Inclusion and diversity in the packaging world
Diversity and inclusion are major issues that are moving and challenging our world more than ever. That is why they are also becoming increasingly important in the packaging industry. Similar to sustainability, diversity is no longer just a trend, but a strong movement that will gradually become the norm. In the following, we look at what is specifically at stake for consumers and brands in this context.
Consumers want to recognize themselves in brands
Consumers want to see brands that are really “aimed at them,” that they can identify with, that they feel connected to in some way – in short, brands that represent who they, the consumers, are.
Consumers’ thought processes can be outlined simply and well using skin and hair care products as an example:
– Is this product too “young” or too “old” for me?
– Does it suit my skin tone?
– Does it work for my hair texture?
Packaging can play a big role in answering these and similar questions, even taking them over completely. Diversity and inclusion in this context “demand” that not only some consumers feel they “belong” to the product in question, but as many as possible, ideally all. To accomplish this as a brand, there are two main options:
1. make products that cover different types, e.g., several skin or hair types, and communicate this diversity through packaging as well as other branding.
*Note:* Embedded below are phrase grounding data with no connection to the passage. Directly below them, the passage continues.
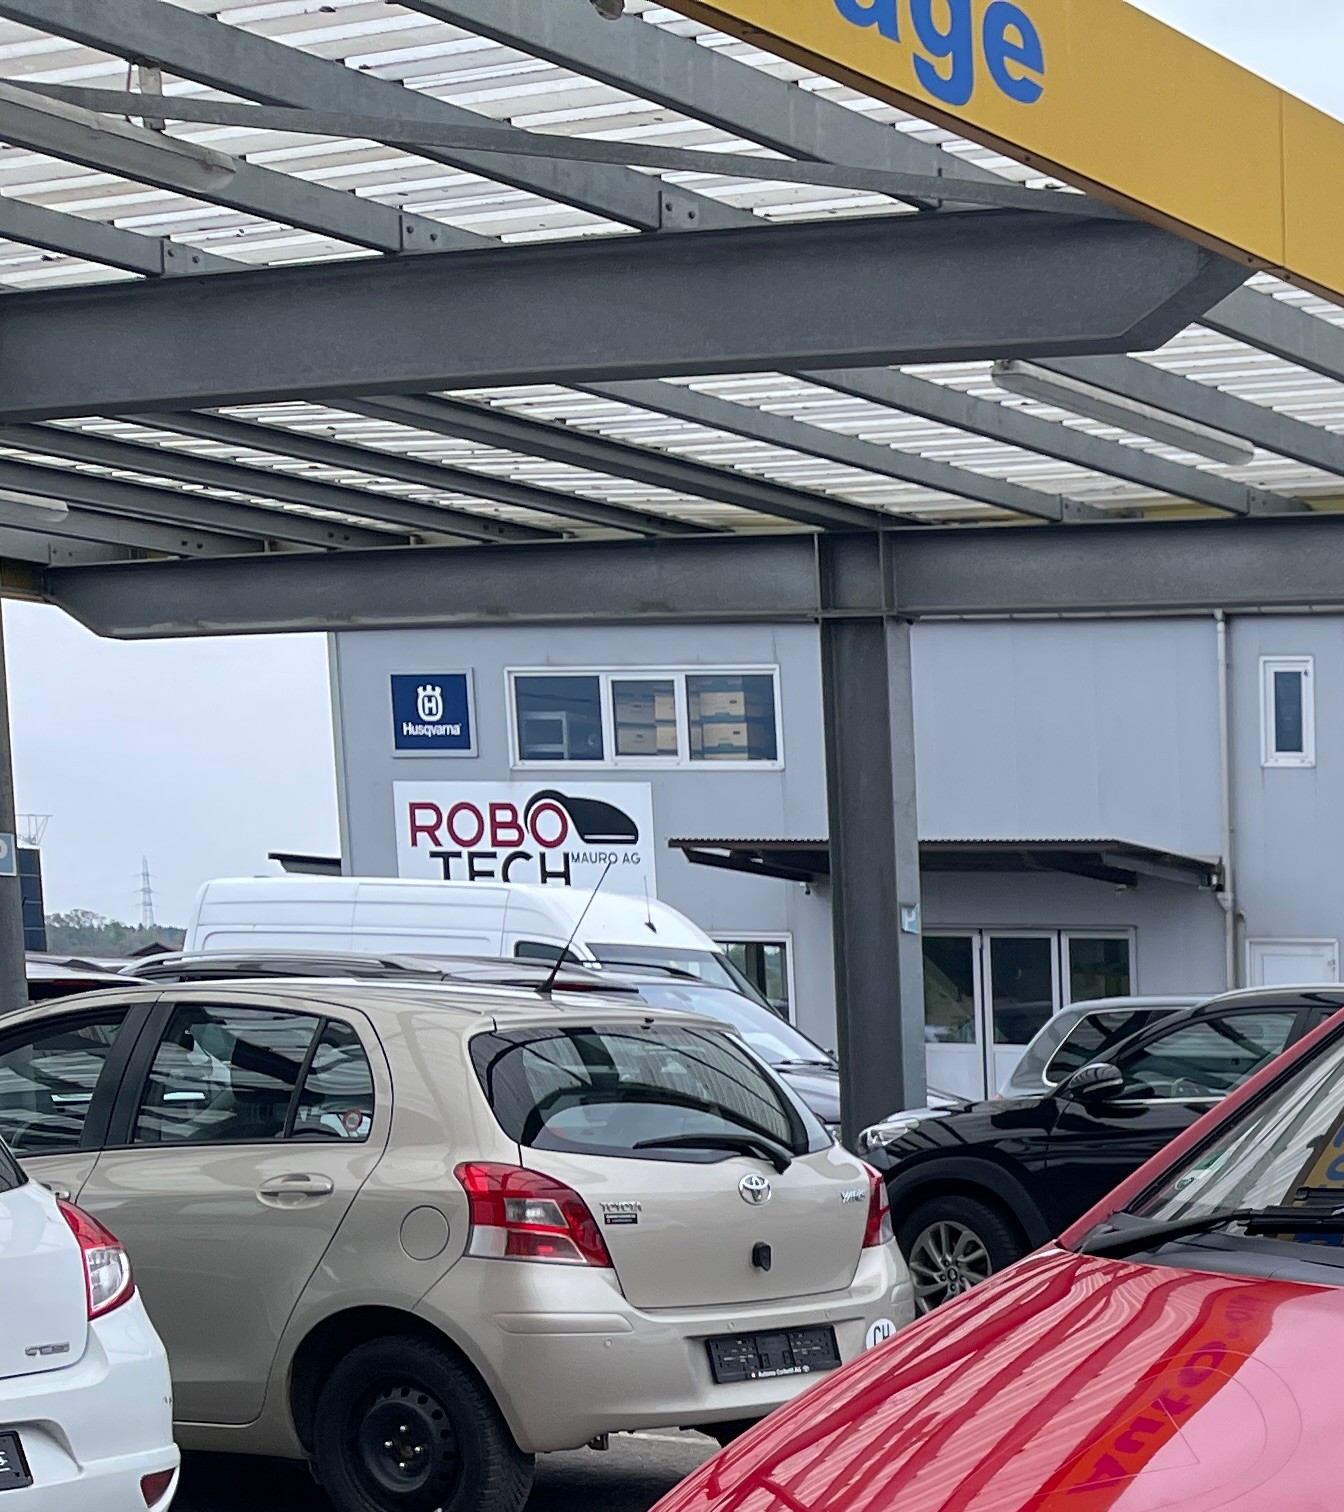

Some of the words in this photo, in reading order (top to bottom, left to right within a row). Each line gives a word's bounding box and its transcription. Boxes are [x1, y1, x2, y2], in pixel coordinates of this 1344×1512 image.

[402, 722, 461, 737] Husqvarna
[408, 801, 569, 848] ROBO
[571, 852, 618, 865] MAURO
[622, 852, 641, 865] AG
[873, 1323, 891, 1346] CH
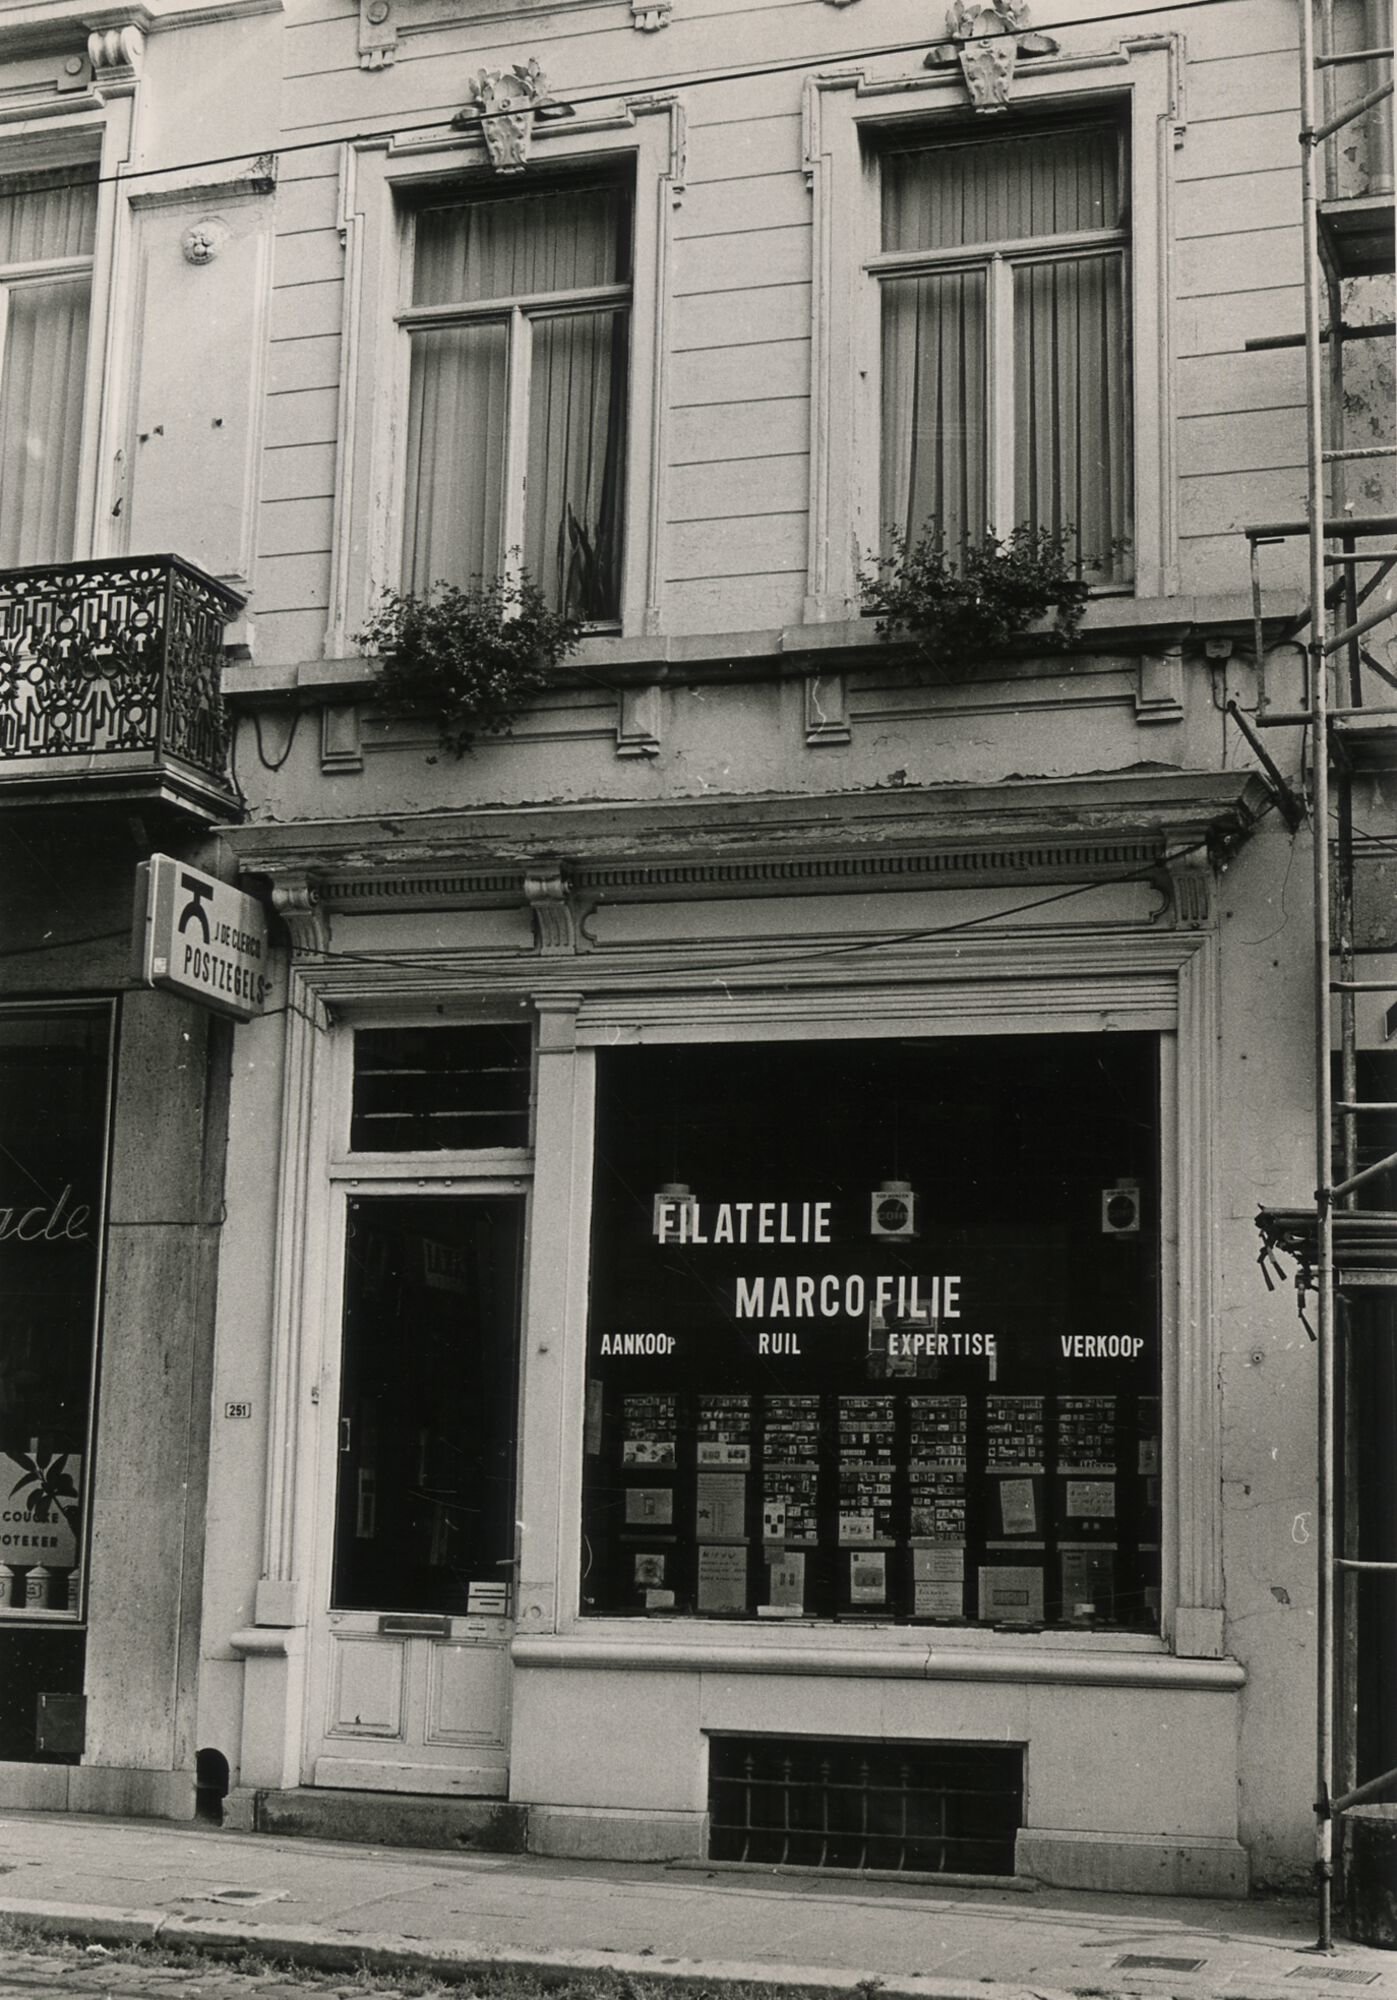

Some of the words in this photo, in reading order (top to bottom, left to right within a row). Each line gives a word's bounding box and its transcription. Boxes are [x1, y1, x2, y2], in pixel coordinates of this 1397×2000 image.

[221, 924, 230, 946] DE
[184, 944, 265, 1004] POSTZEGELS
[658, 1203, 831, 1244] FILATELIE
[600, 1333, 676, 1355] AANKOOP
[758, 1333, 801, 1355] RUIL
[888, 1333, 995, 1356] EXPERTISE
[1061, 1335, 1144, 1357] VERKOOP
[229, 1404, 246, 1416] 251
[0, 1535, 58, 1548] OTEKER
2. develop product lines that include the same basic product in diverse variations so that the right version is available for each and everyone, e.g., shampoo for straight hair, wavy hair, curly hair, etc.
“This brand thinks of me.” That’s the feeling consumers want to have.
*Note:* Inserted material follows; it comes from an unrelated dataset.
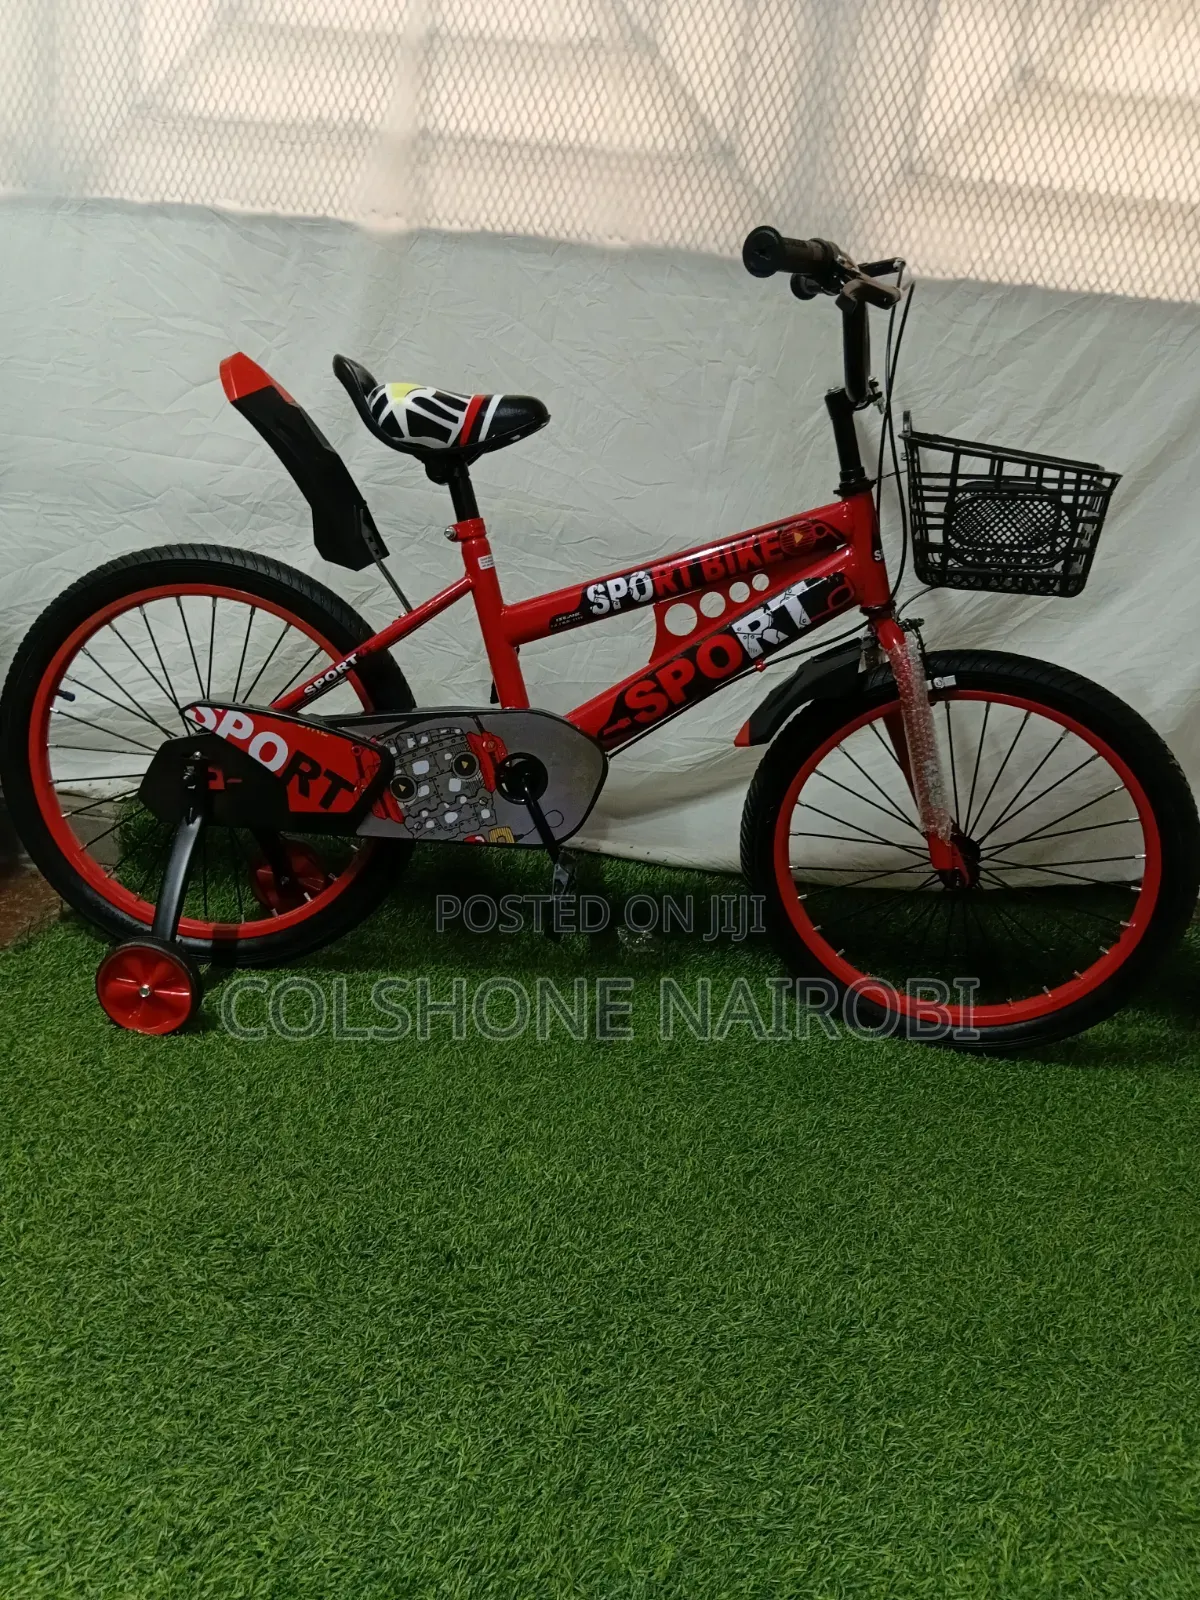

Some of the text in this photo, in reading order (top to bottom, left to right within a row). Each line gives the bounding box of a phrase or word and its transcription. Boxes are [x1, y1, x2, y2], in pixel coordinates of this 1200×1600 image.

[586, 530, 784, 615] SPORT BIKE
[304, 653, 359, 696] SPORT
[623, 580, 813, 724] SPORT
Brands must exemplify diversity and inclusion comprehensively
Diversity and inclusion are relevant for all brands in every industry. In the long run, hardly any brand can afford not to embrace this development. Nevertheless, integration should not be done out of compulsion in order to remain successful or become even more successful, but should be authentic. This in turn means that diversity must go far beyond mere packaging design.
For brands, it is crucial to exemplify diversity and inclusion comprehensively. To do this, these aspects must be embedded entirely in the brand’s own values and clearly expressed in all areas – including, but not limited to, packaging design.
Of course, this cannot be achieved overnight. For traditional brands in particular, thinking more openly is an enormous change that will certainly take time. Brands should prepare themselves for an intensive process, which could look something like this:
Step 1: Analyze the status quo. “How do we currently represent diversity and inclusion internally and externally?”
Step 2: Elaborate on our own diversity and inclusion goals. “What do we want to achieve?”
3rd step: implementation of the elaborated goals. There are a variety of options and approaches, such as the following:
– Select staff more diverse, hire people with different backgrounds (origin, religion, sexual orientation, age, etc.)
– Create an open culture of discussion and give all employees a say in the process
– Optimize existing and new products in terms of diversity
Incidentally, greater diversity in one’s own company not only has the advantage of positively emotionalizing and winning over numerous customers; it also benefits the brand itself, as it leads to more diverse ideas and innovations. Of course, these also have to be approved. That’s why it’s just as important for brands to be brave(er) and actually give space and attention to the more diverse input, be it in the development of new products and packaging designs or in other entrepreneurial areas.
What’s the state of play in the packaging world?
Walking down the aisles of mainstream supermarkets today, you don’t see too much of the diversity discussed here yet. However, that doesn’t mean that nothing is happening. There are already some brands that dare to design their packaging accordingly. A few examples are briefly mentioned here:
– M&M’s: three female characters of the iconic (and delicious) chocolate lentils turned upside down, motto “supporting women, flipping the status quo.”
– Loveislove olive oil: labels depict different love couples – heterosexual and homosexual.
– Wild Flower Perfume: branding depicts diverse people, motto “find your pleasure”
– NY Levian Bakery: brand colorfully illustrates the diversity of its clientele
All of these are undoubtedly impressive examples. But in order for diversity and inclusion to move from the exception to the norm in the world of packaging, brands still have some work to do. The goal is to make products accessible to a wide range of people through their inner and outer design and to stand for diversity as a brand with conviction and thus authentically.